▶ [Records from a data source]
*****

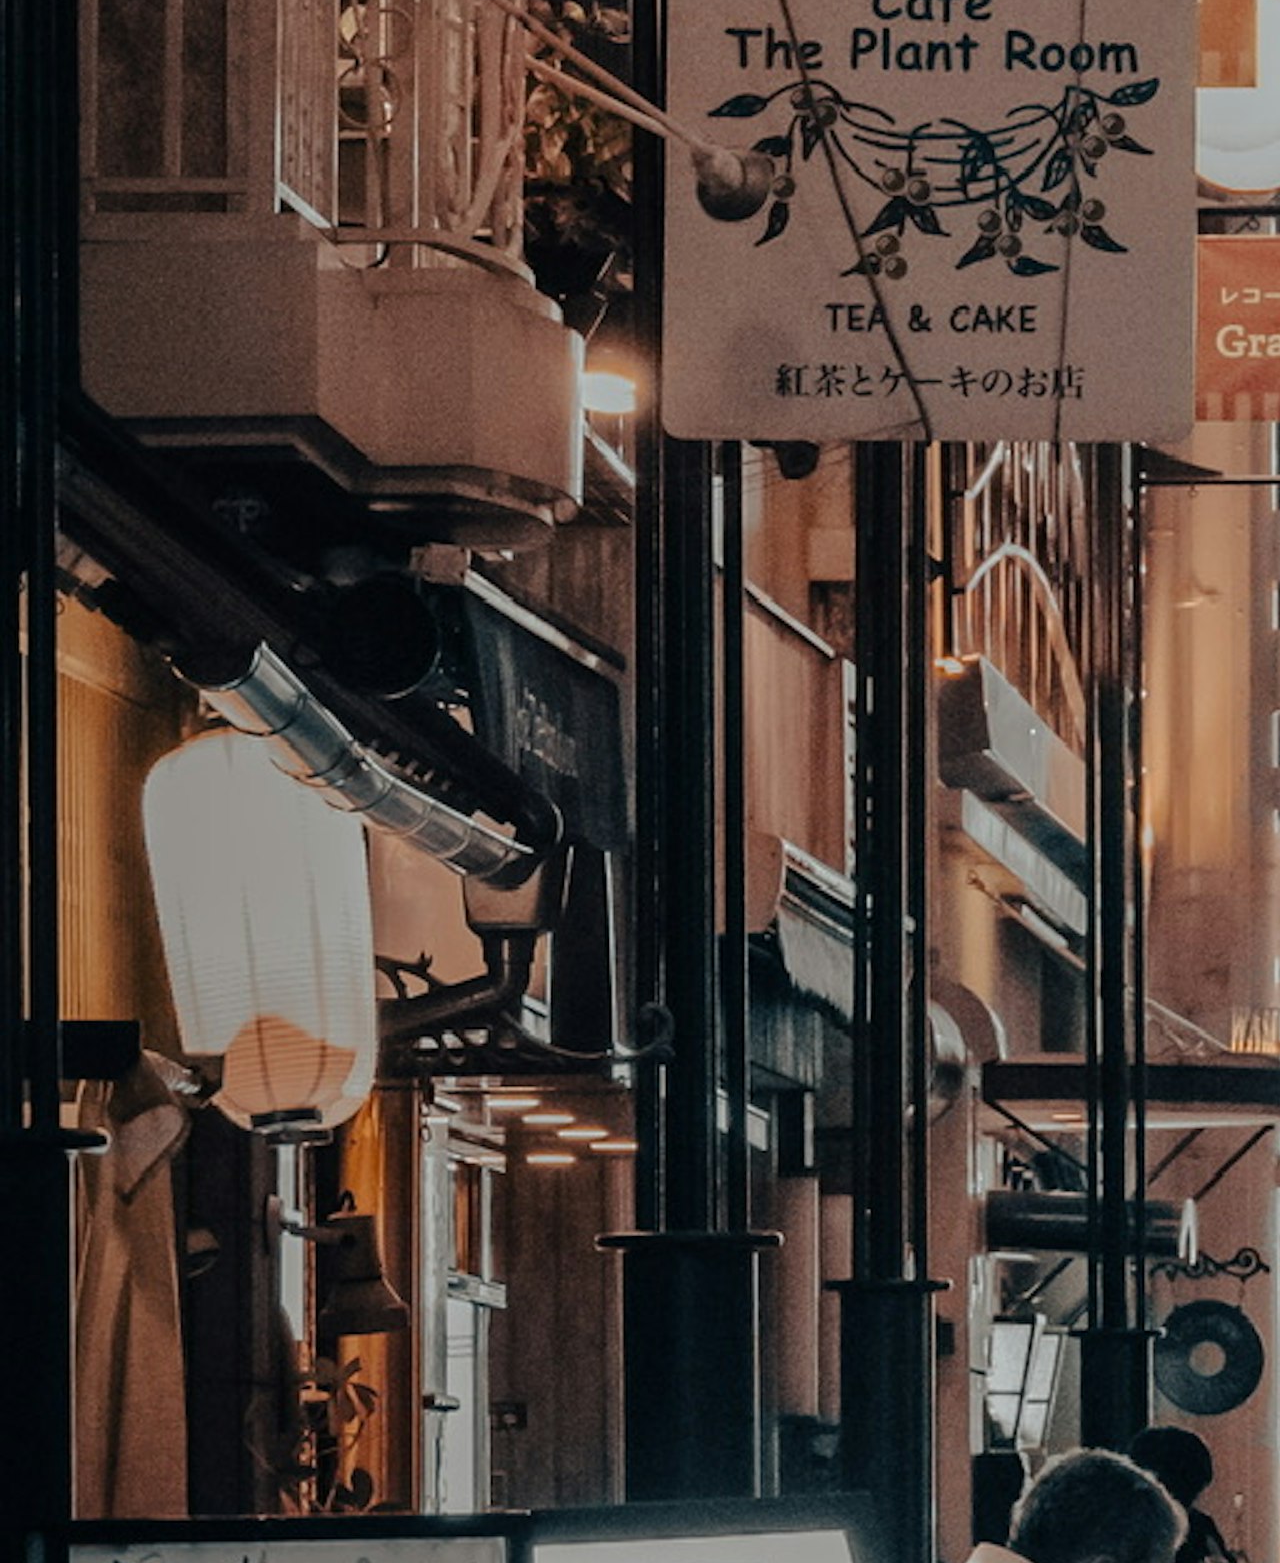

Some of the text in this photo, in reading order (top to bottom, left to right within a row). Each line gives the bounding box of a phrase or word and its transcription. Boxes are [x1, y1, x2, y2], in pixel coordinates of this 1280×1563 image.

[725, 23, 1137, 73] The Plant Room
[825, 304, 1038, 333] TEA & CAKE
[774, 362, 1085, 400] 紅茶とケーキのお店
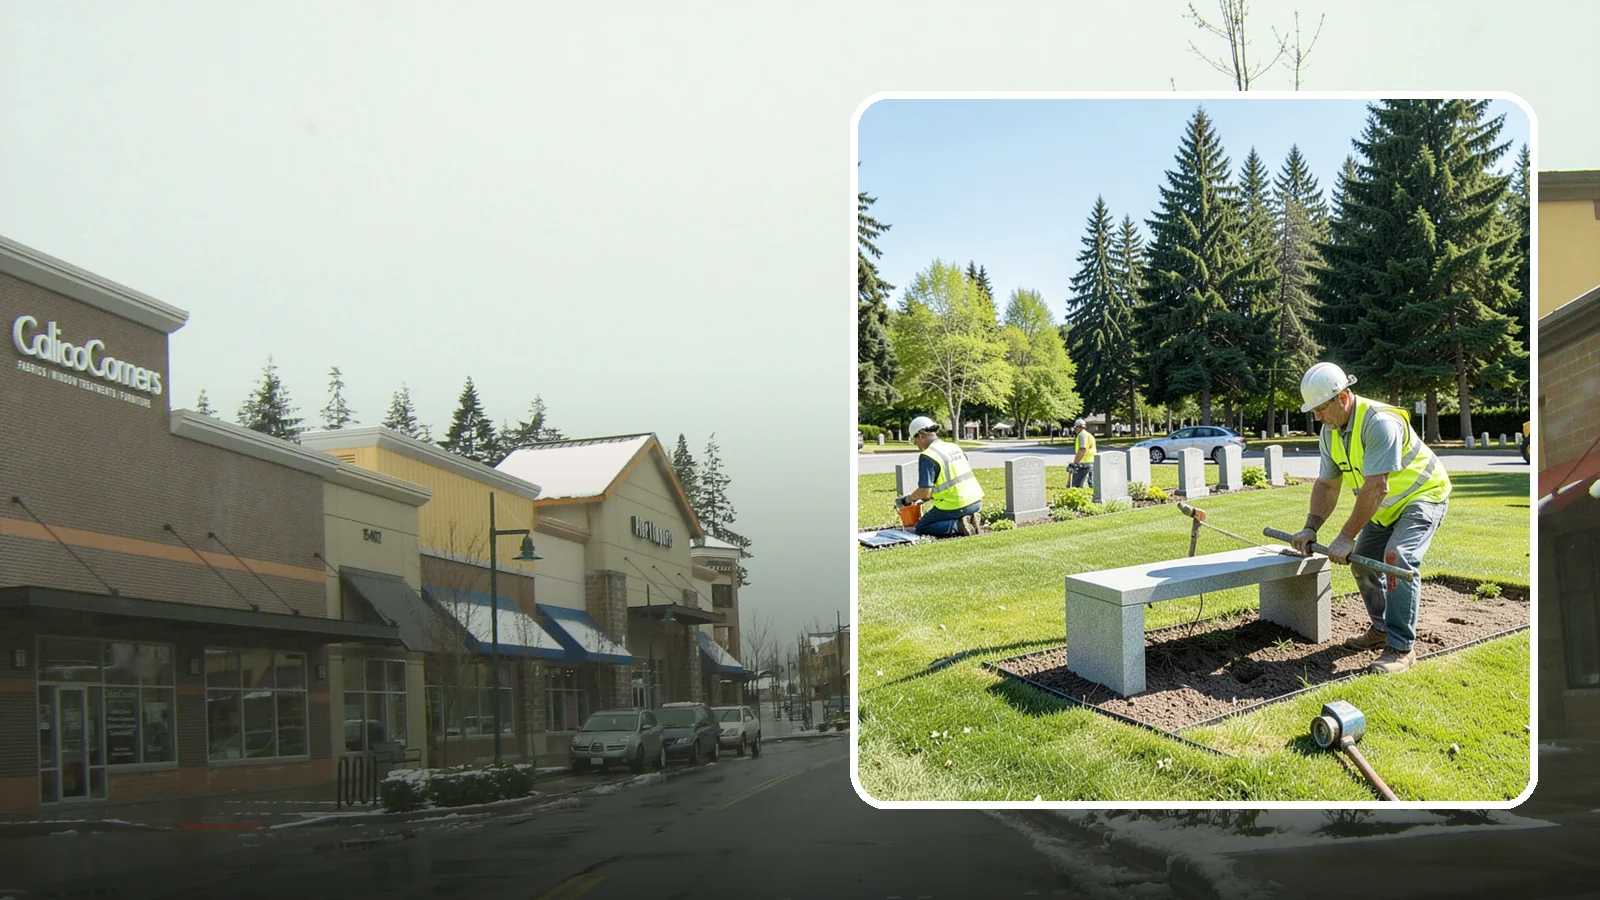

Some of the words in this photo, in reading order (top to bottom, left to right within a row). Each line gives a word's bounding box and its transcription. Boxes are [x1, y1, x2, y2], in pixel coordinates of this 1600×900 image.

[17, 360, 47, 377] FABRICS
[50, 369, 78, 386] WINDOW
[78, 378, 117, 398] TREATMENTS
[119, 390, 151, 409] FURNITURE
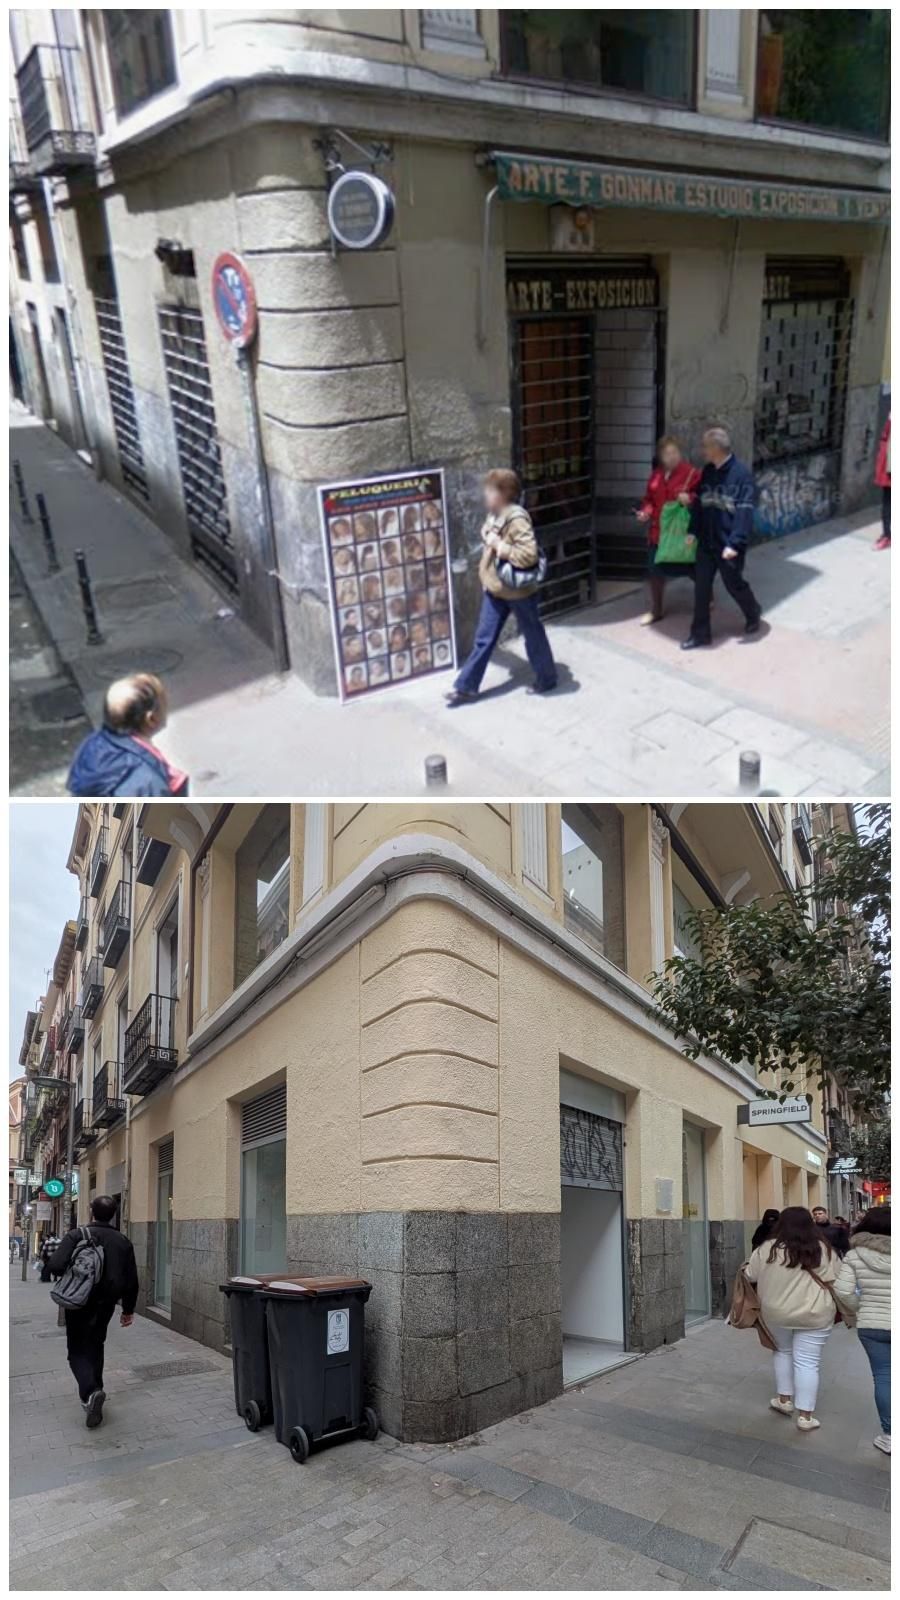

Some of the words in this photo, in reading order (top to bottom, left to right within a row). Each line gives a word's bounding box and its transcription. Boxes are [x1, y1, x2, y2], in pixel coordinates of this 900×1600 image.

[602, 173, 676, 205] GONMAR
[684, 183, 754, 211] ESTUDIO
[751, 1104, 808, 1117] SPRINGFIELD
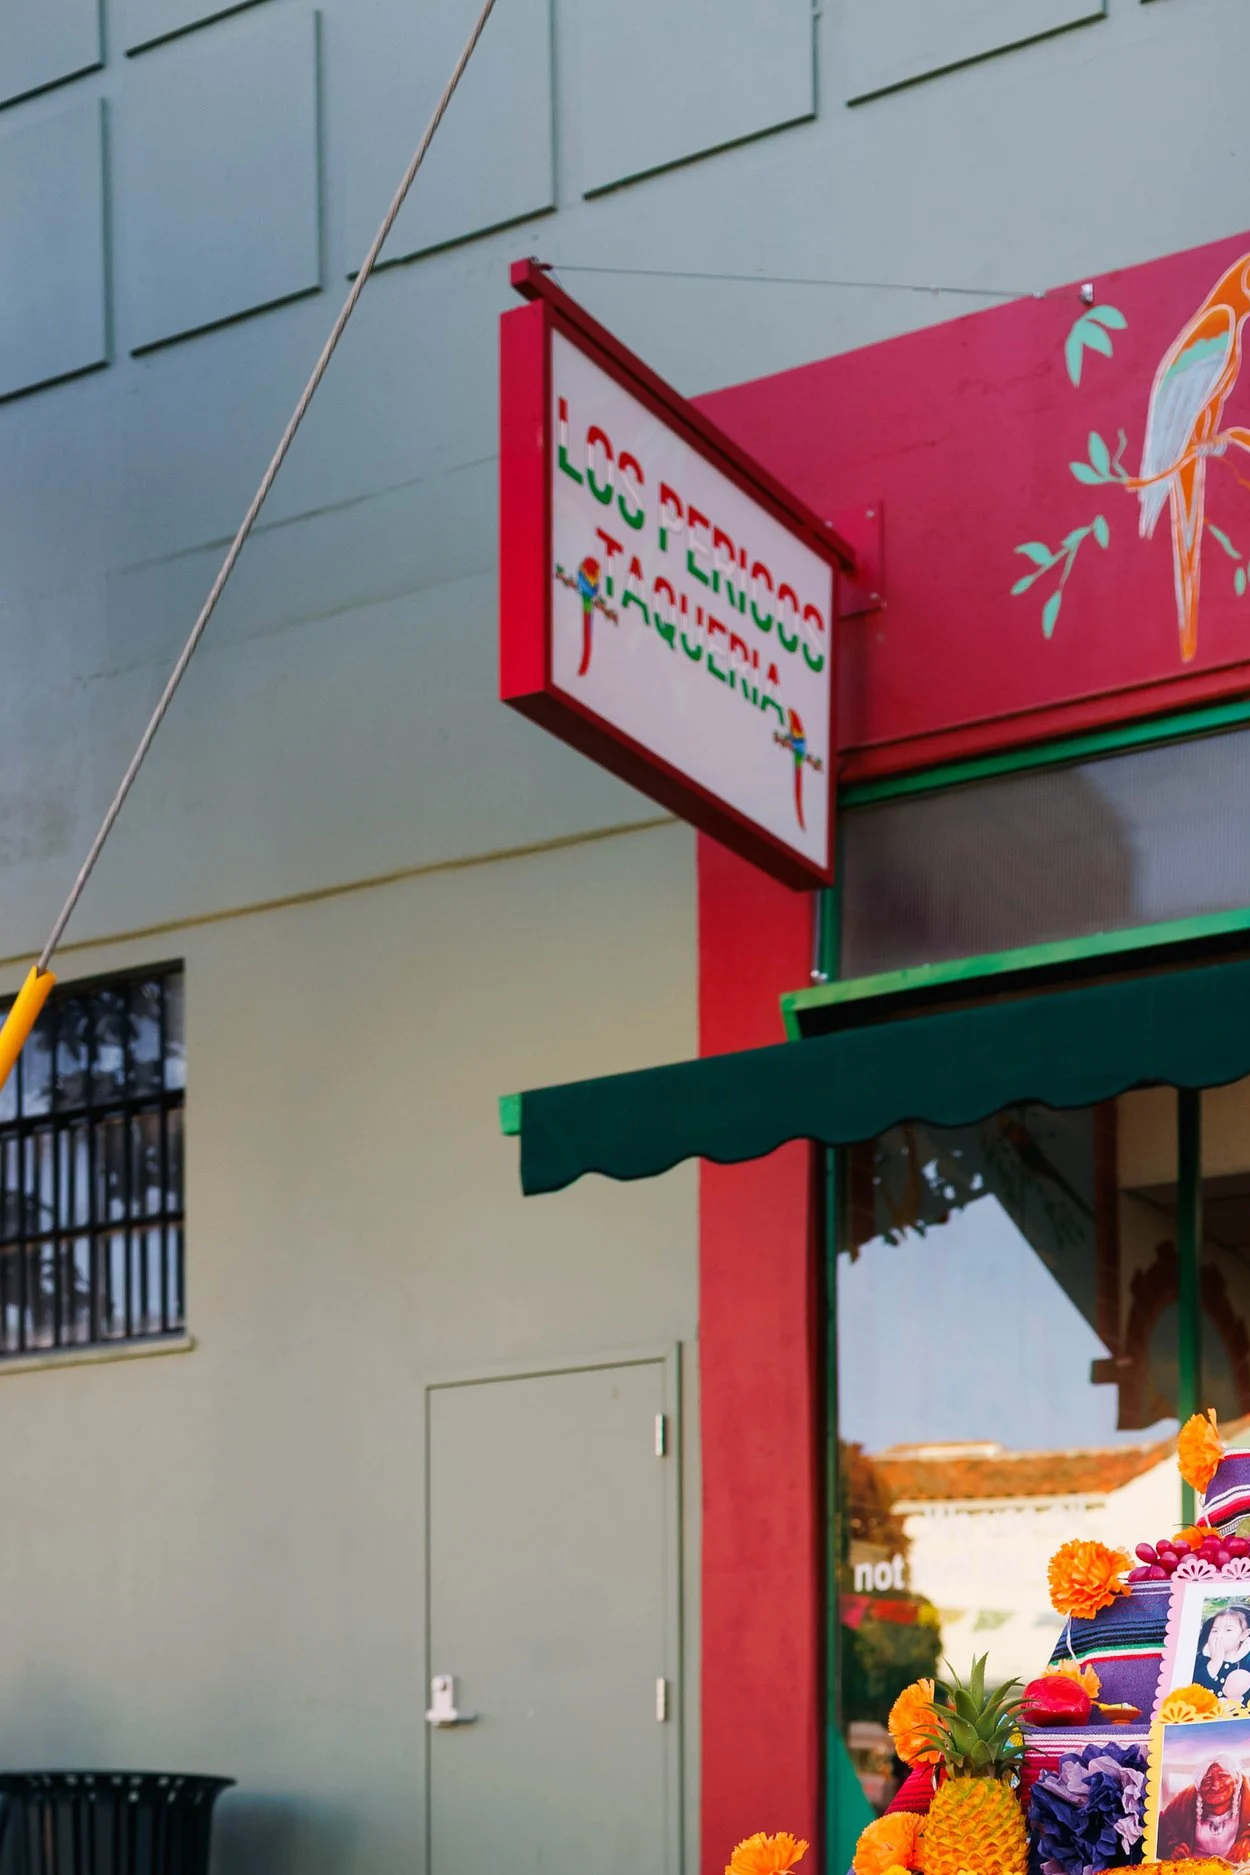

*****

▶ [Your instructions]
Return exactly, with no pictures, each line from the one that contains "this 900×1600 image." through the end of the entries above, both ends included.

▶ [The completed task]
Some of the words in this photo, in reading order (top to bottom, left to right within a row). Each line gives a word's bounding box and its transcription. Boxes are [x1, y1, x2, y2], in pixel coordinates of this 900×1600 image.

[602, 173, 676, 205] GONMAR
[684, 183, 754, 211] ESTUDIO
[751, 1104, 808, 1117] SPRINGFIELD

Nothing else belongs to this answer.